Was die Musik von Libuse betrifft, gelingt es Smetana im Vorspiel mittels aufwühlender Klangfiguren, eine Stimmung zu erzeugen, die der Gefühlslage der Anfangsszene entspricht. Somit bildet das Vorspiel einen wirkungsvollen Kontrast zur selbstbewußteren Triumphmusik, die in der Schlußszene zur Darstellung des tschechischen Nationalstolzes ertönt. Gleichzeitig bieten auch die einzelnen Nummern musikalisch Bemerkenswertes: Die Arie des Premysl Jiz plane slunce in der zweiten Szene des zweiten Aktes zeichnet sich durch eine starke Ausdruckskraft und ein breites Gefühlsspektrum aus und wird gleich von einer ebenfalls gelungenen Tenorarie Ó vy lípy gefolgt. So muss Premysl zwei anspruchsvolle Nummern innerhalb einer einzigen Szene zu bewältigen. Gegen Ende der Oper – innerhalb der Szene mit Libuses prophetischer Vision – taucht eine Passage unter dem Titel Muj drah´y národ cesky´ neskoná auf, eine Anrufung des Überlebenswillens des tschechischen Volkes, die sogleich vom ganzen Ensemble auf der Bühne aufgegriffen wird und unmißverständlich den nationalistischen Tenor des Werkes präsentiert. Dieser Teil der Oper steht ganz für sich, als ein Augenblick der Besinnung für das Publikums, ähnlich der Chorstellen, die Beethoven gegen Ende der Oper Fidelio nach dem dramatischen Höhepunkt erklingen läßt.

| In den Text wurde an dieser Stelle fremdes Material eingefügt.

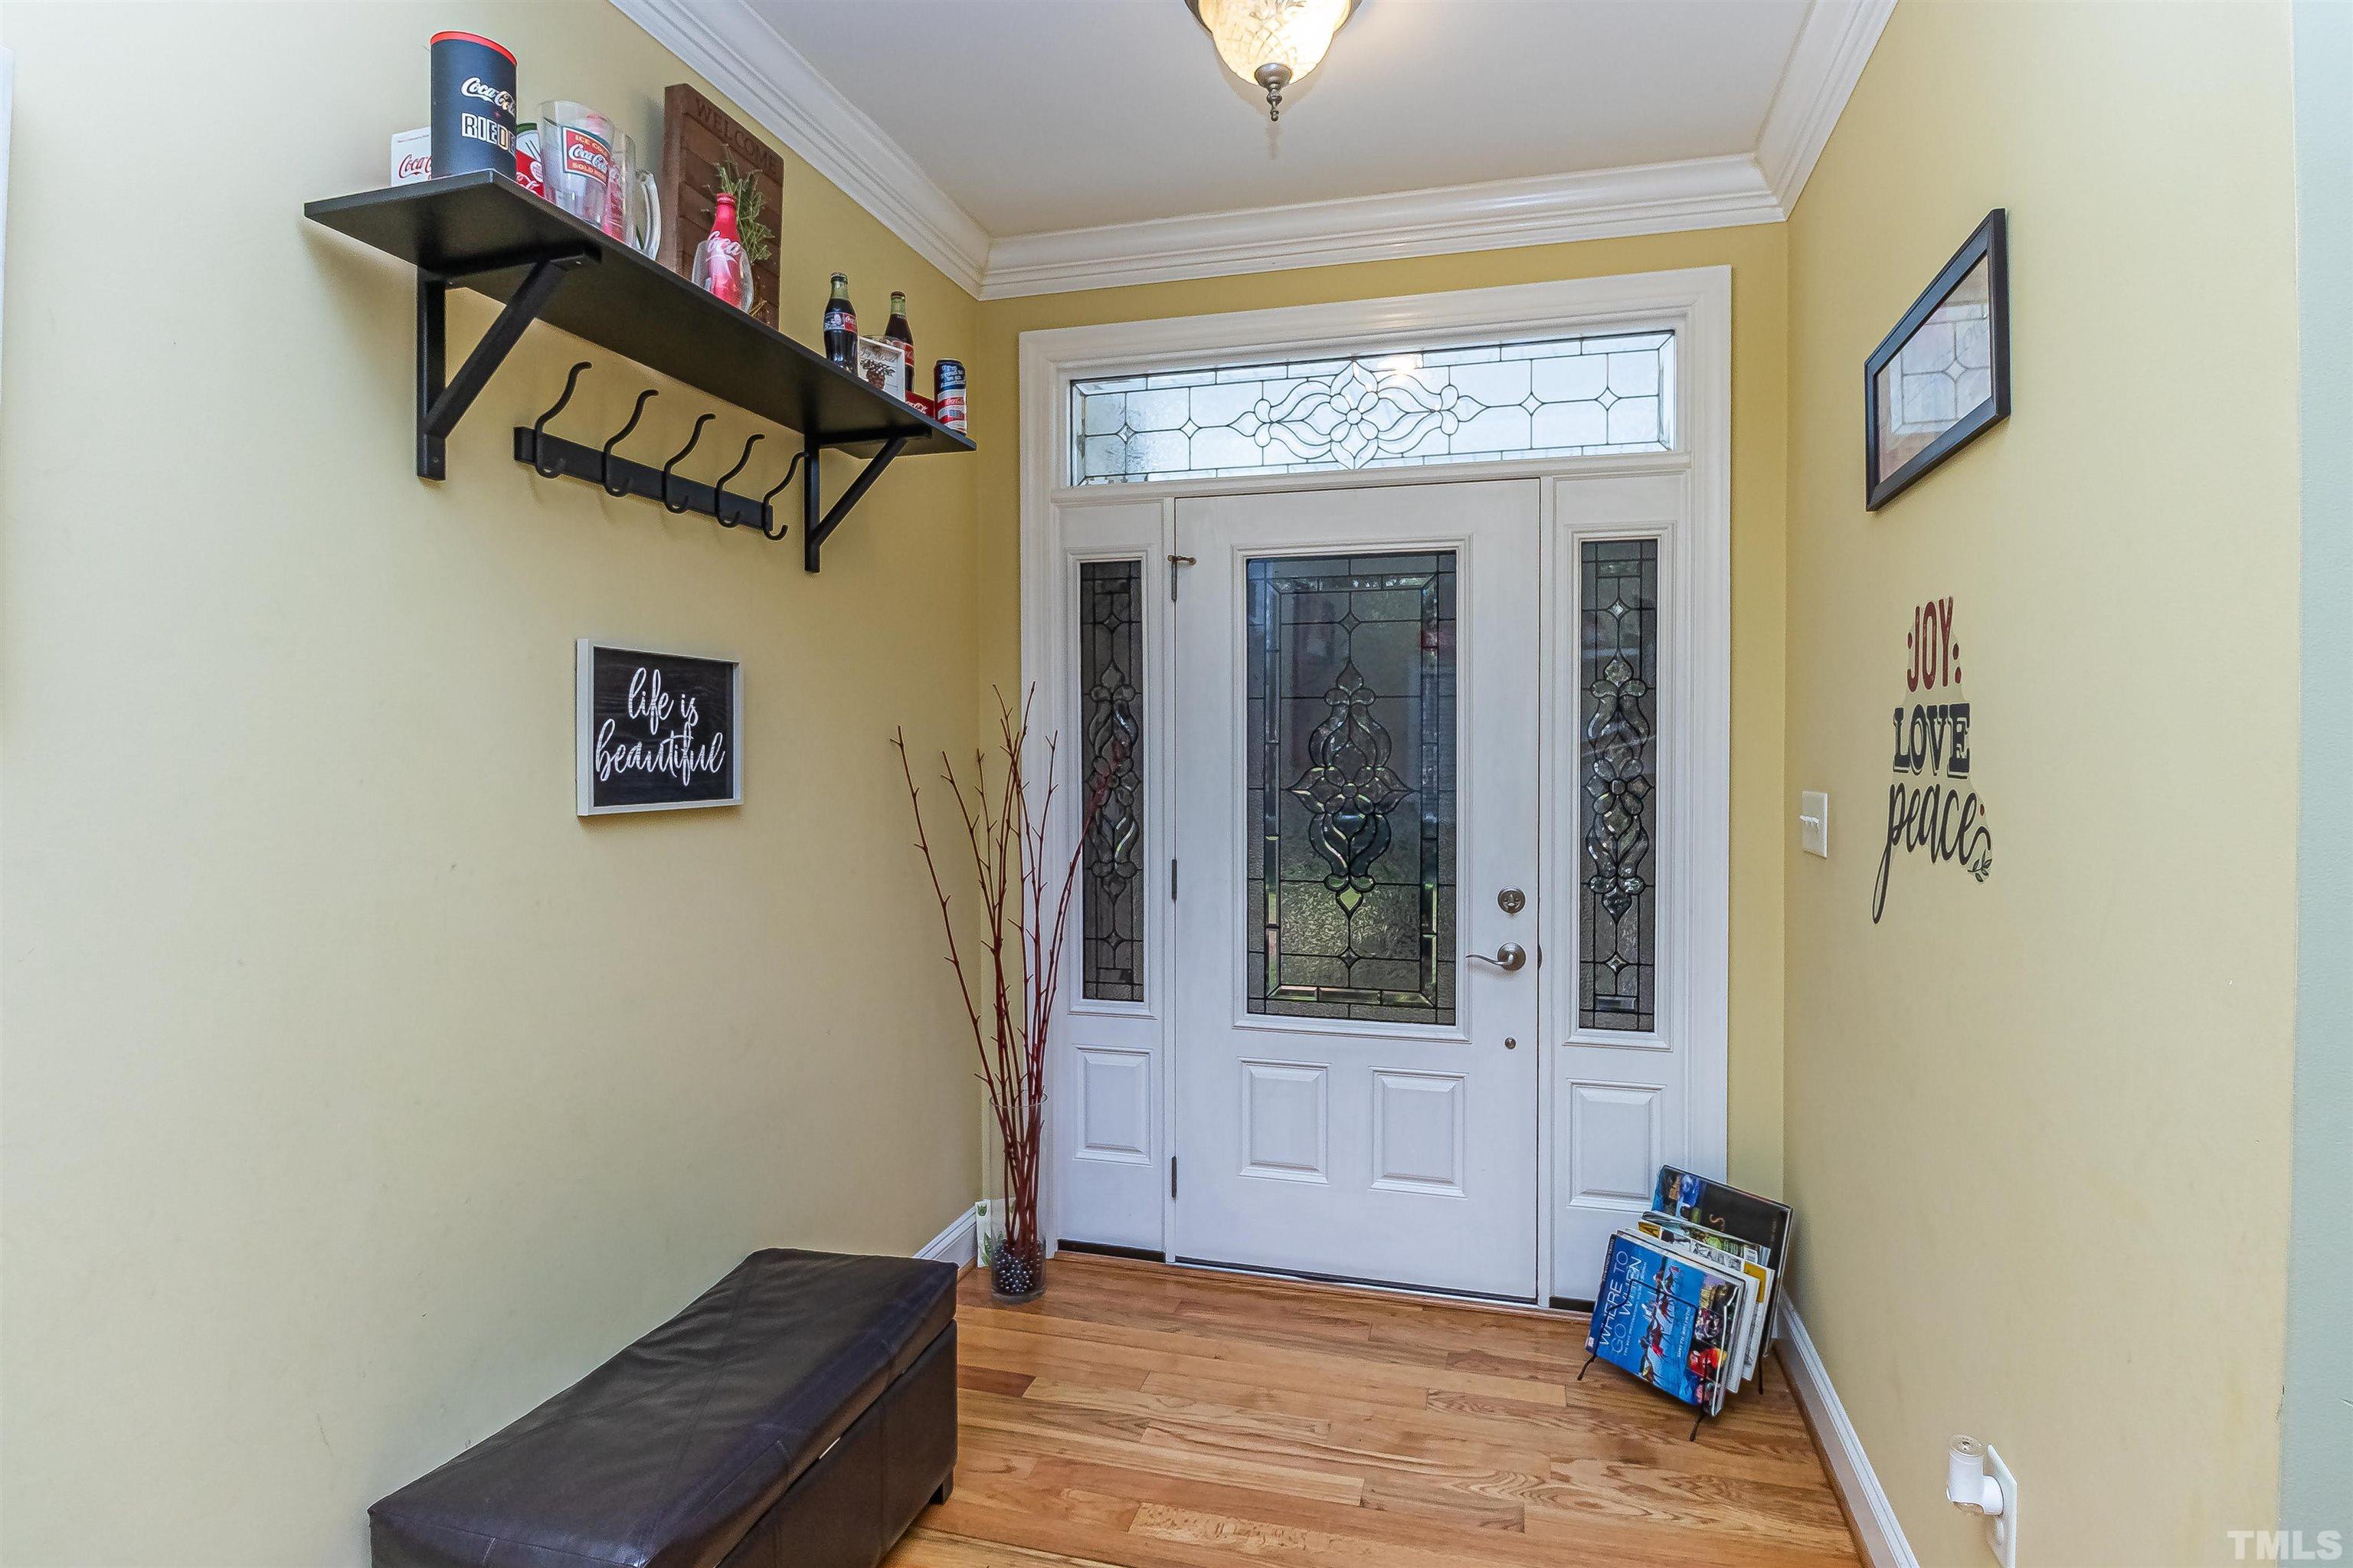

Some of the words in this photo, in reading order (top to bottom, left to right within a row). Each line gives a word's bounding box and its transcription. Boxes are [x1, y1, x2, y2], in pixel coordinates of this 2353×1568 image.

[575, 134, 590, 146] ICE
[695, 97, 779, 175] WELCOME
[628, 666, 675, 735] life
[680, 693, 699, 727] is
[595, 718, 726, 787] beautiful
[1893, 702, 1971, 780] LOVE
[1871, 782, 1991, 925] peace
[1599, 1279, 1623, 1346] WHERE
[1613, 1251, 1628, 1273] TO
[1618, 1256, 1642, 1316] WHEN
[1612, 1323, 1627, 1354] GO
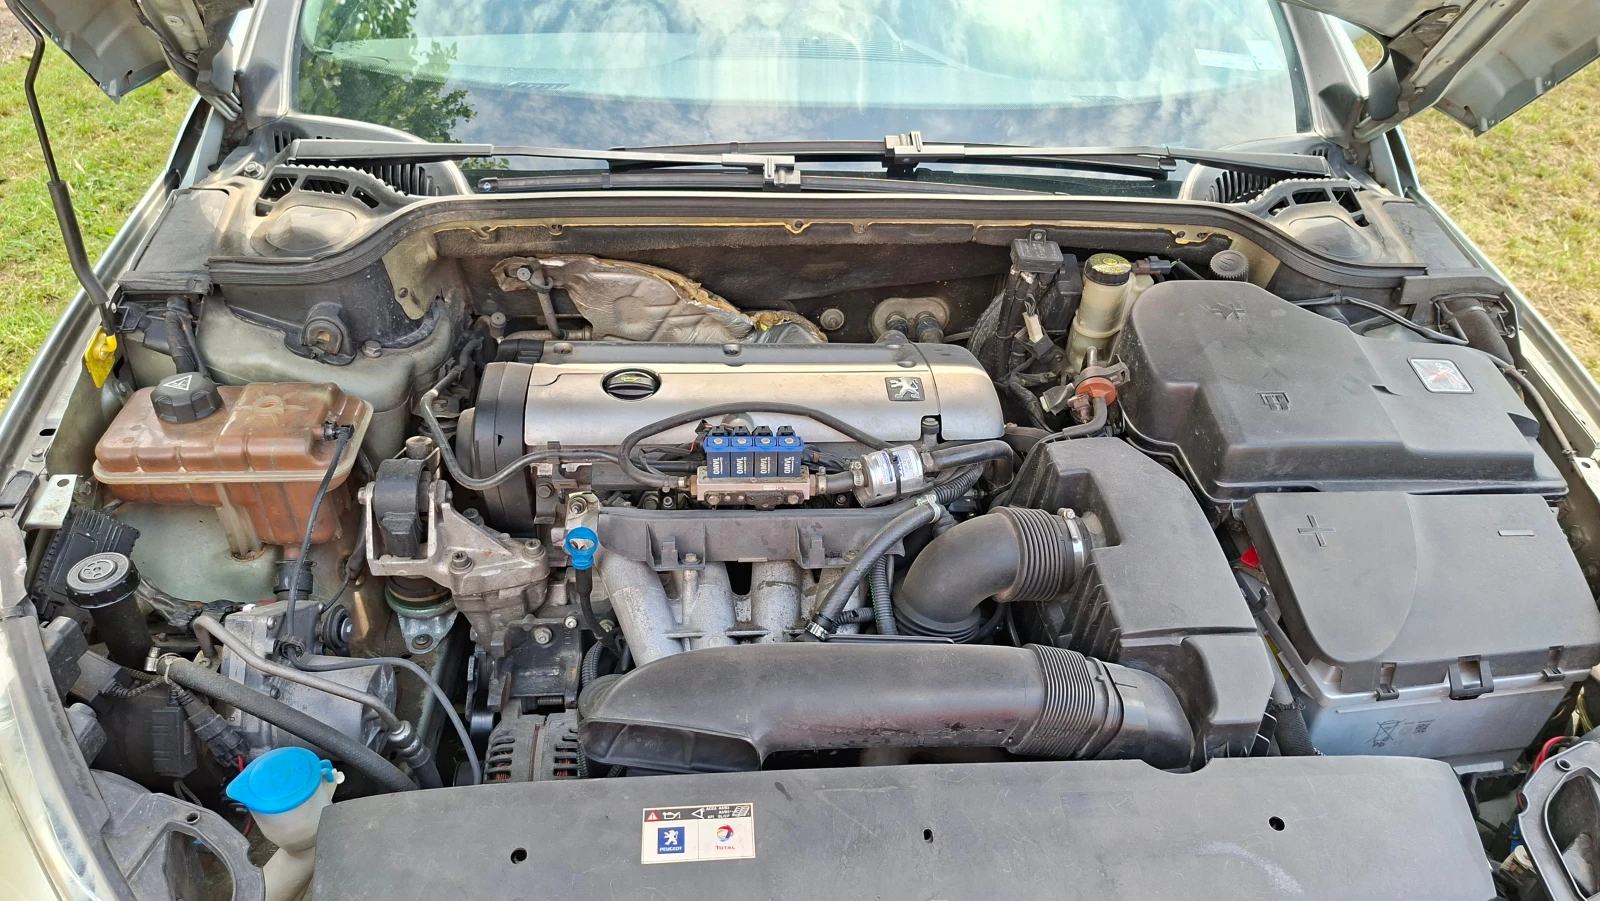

Dies unterstreicht die Bedeutung der Prohezeiungsszene als Indiz für die Aufgaben von Libuse als Festoper, die sich als solche zur Begleitung von feierlichen Staatsakten eignen sollte. Tatsächlich hatte Smetana diese Szene bereits 1869 im Orchesterwerk Libusin soud («Das Urteil der Libuse») komponiert. Ursprünglich wurde das Werk als Tableau vivant konzipiert, das teilweise auf ein Gedicht von Zelenohorsky´ zurückgreift und zugleich den Ausgangspunkt zur späteren Opernvertonung aus den Jahren 1869-72 bildet. Libusin soud verhält sich zu Libuse etwa wie die symphonische Lulu-Suite von Alban Berg zu seiner späteren gleichnamigen Oper. Darüber hinaus tauchen später einige der musikalischen Themen aus Libuse in Smetanas musikalischem Zyklus Má vlast auf, vor allem in Vysehrad (1880). Die Beziehung zur letztgenannten Tondichtung scheint naheliegend, wenn man den Zusammenhang der beiden Werke berücksichtigt. Smetana, der Libuse als Festoper bezeichnete, verfolgte die Absicht, sie bei nationalen Feierlichkeiten aufführen zu lassen; das Werk sollte nicht – wie etwa Die verkaufte Braut – ins Opernrepertoire gelangen, sondern feierlichen Staatsakten vorbehalten bleiben. Die Tondichtung Vysehrad beschwört einen Ort, der mit der Geschichte des Landes eng zusammenhängt und beinahe mythische Assoziationen hervorruft. An diesem Ort spielen auch einige Szenen in Libuse. Wenn so diese Oper wie eine Nacherzählung von Legenden über die tschechische Staatsgründung erscheint, so überrascht es nicht, dass Smetana ähnliche Themen in seiner Tondichtung aufgreift, denn solche Selbstbezüge sind eigentlich naheliegend.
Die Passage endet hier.